O trabalho de cartografia social que seria realizado pela equipe que foi impedida de ter acesso aos retireiros do Mato Verdinho em Luciara era um trabalho acadêmico e fazia parte de um processo de auto-conhecimento dos retireiros por eles próprios com a ajuda desses técnicos. Impedir a realização desse trabalho denuncia a perspectiva anti-retireira desses grileiros que temem justamente o processo de regularização das terras que se apropriaram ao arrepio da lei. Para esses grileiros, com toda certeza, a ação do estado é o grande mal haja vista agirem sistematicamente ao arrepio da lei. E esse é o perigo iminente e permanente na região onde o mandonismo ainda presente não tem por tradição resolver os problemas no diálogo nem com a razão, ma sim à bala.
Do ponto de vista dos que se colocam na perspectiva de agir com justiça e dignidade através da palavra e da razão, a grande pergunta que se coloca é: por que o processo de criação de uma reserva (Extrativista ou de Desenvolvimento Sustentável) que consagre as práticas culturais tradicionais dos retireiros que se mostram perfeitamente compatíveis com a riqueza do ecossistema do rio Araguaia e enorme diversidade biológica identificada nos laudos biológico e socioeconômico não sai do papel desde 1999. Nesse ano, os retireiros entregaram uma carta à então senadora Marina Silva, carta essa que pode ser considerado o documento base para a criação de uma unidade territorial que reconhecesse a dignidade desse grupo social. Mesmo ocupando o cargo de Ministra do Meio Ambiente, a Srª Marina Silva não conseguiu demarcar essa área, apesar de todos os pareceres recomendarem favoravelmente.

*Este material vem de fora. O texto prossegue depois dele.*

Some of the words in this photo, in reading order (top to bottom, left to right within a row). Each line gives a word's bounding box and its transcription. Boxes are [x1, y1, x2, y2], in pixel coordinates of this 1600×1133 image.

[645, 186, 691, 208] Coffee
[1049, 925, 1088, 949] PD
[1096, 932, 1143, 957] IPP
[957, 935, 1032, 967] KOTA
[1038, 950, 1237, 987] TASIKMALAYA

Portanto, já se vão 14 anos de procastinação, o que demonstra a força política dos que na região vivem ao arrepio da lei haja vista o caráter abertamente irregular da situação fundiária em que se assentam. A demora no reconhecimento dos direitos dos retireiros tem animado os que querem se apropriar dessas terras não para o bem comum, mas para fins particulares e em detrimento do interesse público.

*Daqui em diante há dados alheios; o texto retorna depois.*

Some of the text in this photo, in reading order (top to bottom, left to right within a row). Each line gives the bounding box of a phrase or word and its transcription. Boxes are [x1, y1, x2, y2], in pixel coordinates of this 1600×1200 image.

O caso das terras implicadas nesse caso da RDS do Mato Verdinho em Luciara é estratégico para medir a vontade política dos políticos que querem fazer valer o interesse público e não os interesses privados. Afinal, essas terras são juridicamente podres, como é o famoso caso do grilo da Fazenda Independência.

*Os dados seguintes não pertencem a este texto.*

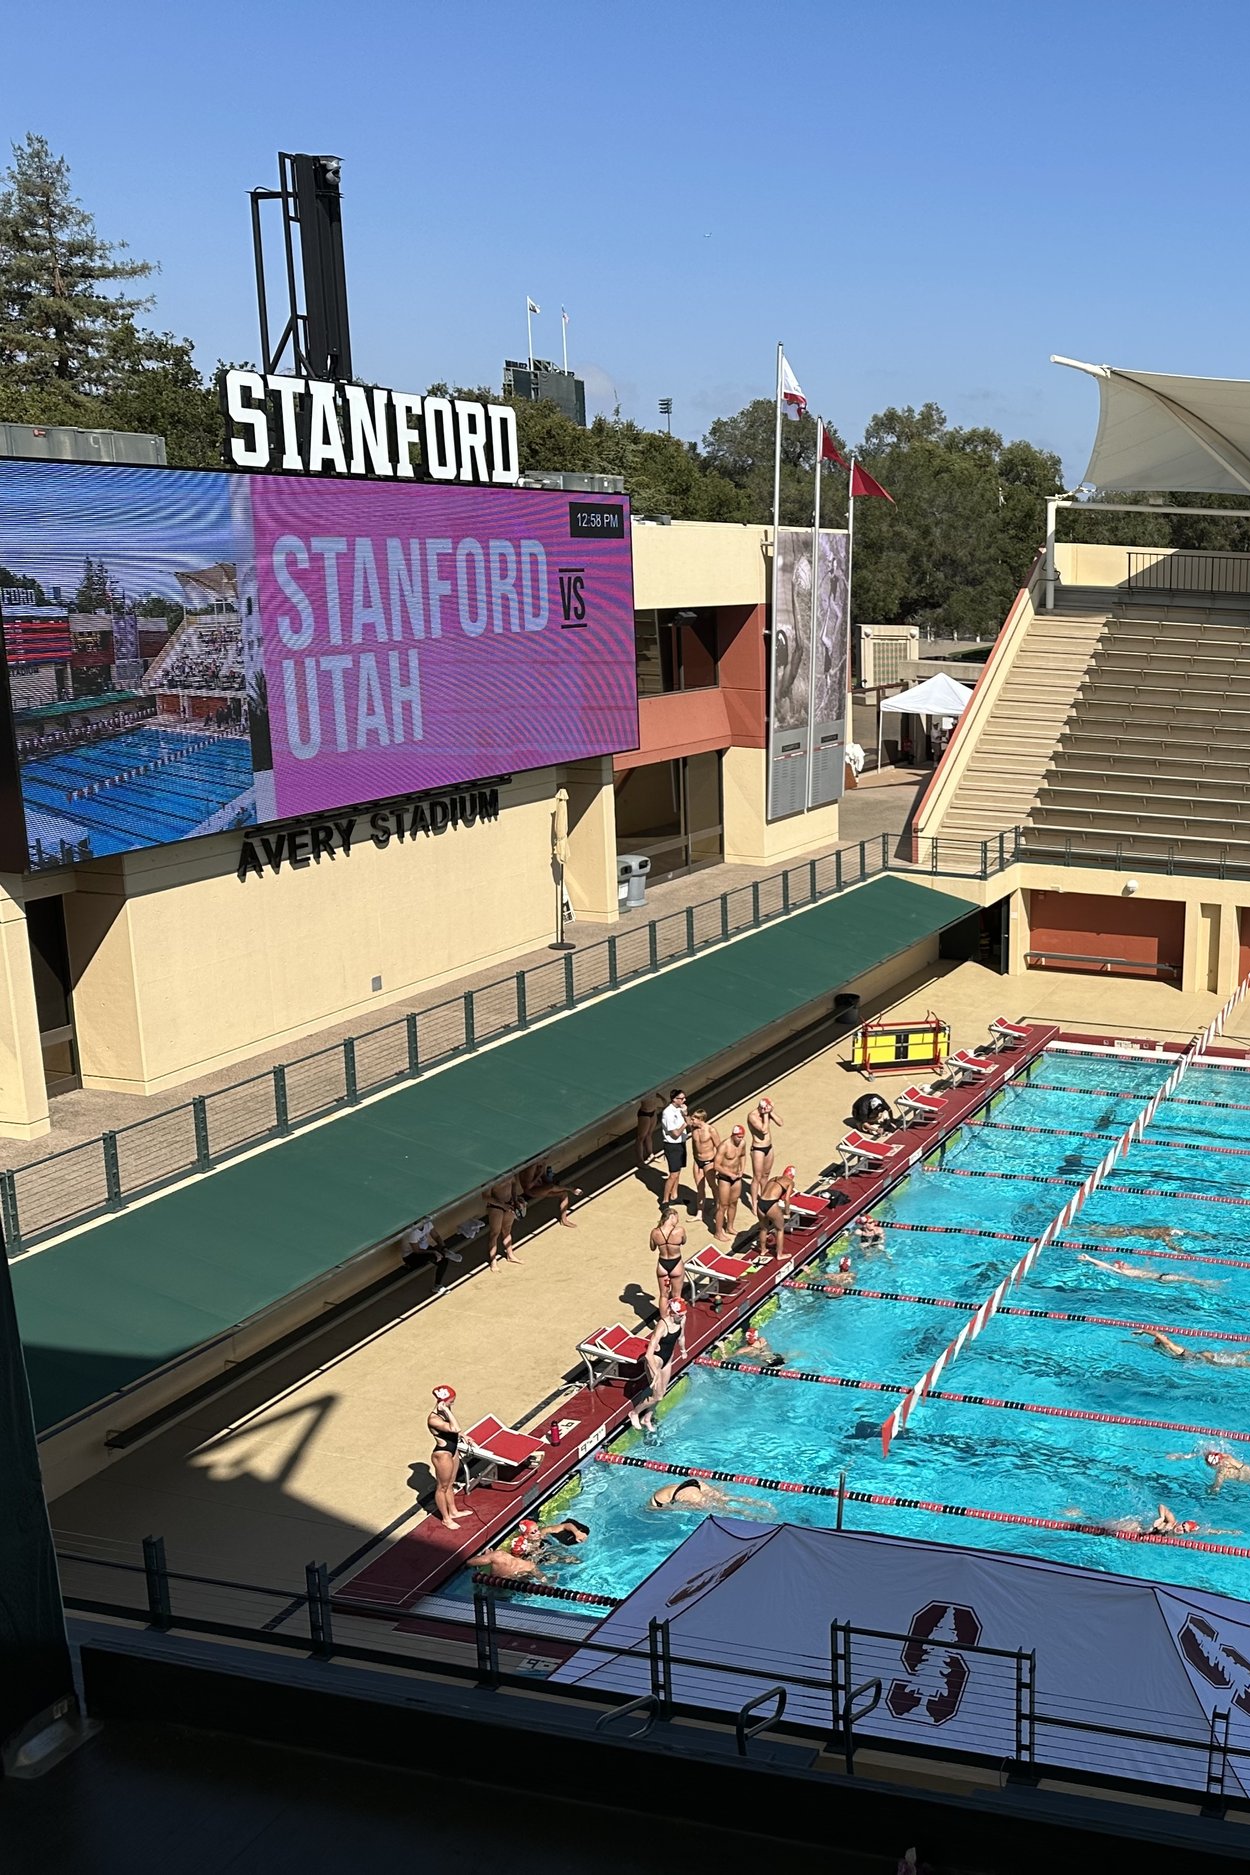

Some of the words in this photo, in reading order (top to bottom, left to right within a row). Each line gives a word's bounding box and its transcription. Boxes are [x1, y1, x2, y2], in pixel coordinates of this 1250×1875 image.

E a região bem merece estar no noticiário pela riqueza biológica, paisagística e cultural que tem e não como área de violência, conflito e devastação como até aqui tem sido conhecida. Além disso, o Araguaia é a segunda maior área continental alagada (a primeira é o Pantanal Matogrossense) e a região bem merece ser conhecida pelas enormes riquezas que possui: onde o vaqueiro do sertão nordestino ou do Maranhão, o sulista do Rio Grande do Sul, Santa Catarina e Paraná, o ribeirinho que veio do Pará se encontraram com os Xavante, com os Karajá e com os Tapirapé ensejando uma das regiões de maior contato intercultural de nosso país. Ali se encontram a Amazônia e o Cerrado, onde a floresta e os campos se imbricam numa diversidade de vida ímpar. Que se dê uma chance à Paz criando um território de vida e que a violência e a morte só sejam lembradas como memória que aduba a paz e alegria numa terra justa.